- _PROMPT_
In your copy, drop the images and return each record exactly as it stands.

━━━━━ SUPPLIED DATA ━━━━━

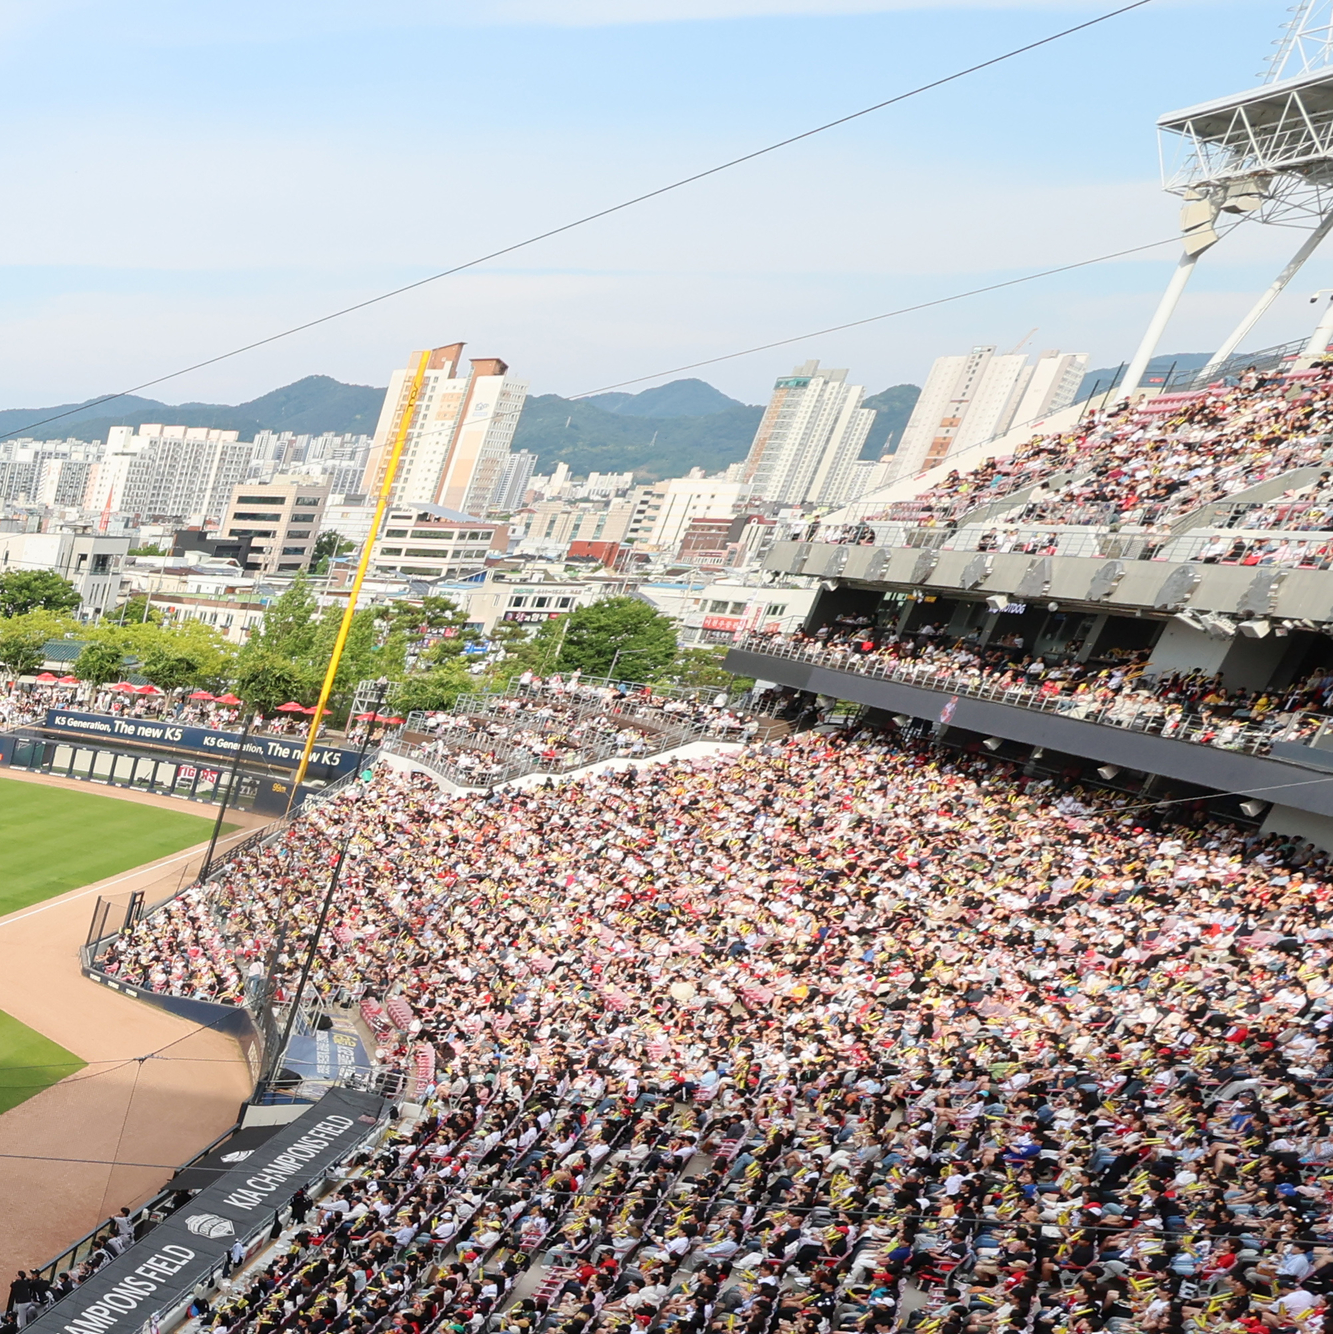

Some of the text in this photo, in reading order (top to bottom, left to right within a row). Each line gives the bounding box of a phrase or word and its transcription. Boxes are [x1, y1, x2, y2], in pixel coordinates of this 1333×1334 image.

[54, 715, 184, 742] K5 Generation, The new K5
[202, 735, 216, 747] K5
[266, 742, 292, 759] The
[320, 750, 342, 767] K5
[223, 1114, 355, 1211] KIA CHAMPIONS FIELD
[134, 1243, 197, 1290] FIELD

━━━━━

- _TASK ANSWER_
Some of the text in this photo, in reading order (top to bottom, left to right within a row). Each line gives the bounding box of a phrase or word and its transcription. Boxes are [x1, y1, x2, y2], in pixel coordinates of this 1333×1334 image.

[54, 715, 184, 742] K5 Generation, The new K5
[202, 735, 216, 747] K5
[266, 742, 292, 759] The
[320, 750, 342, 767] K5
[223, 1114, 355, 1211] KIA CHAMPIONS FIELD
[134, 1243, 197, 1290] FIELD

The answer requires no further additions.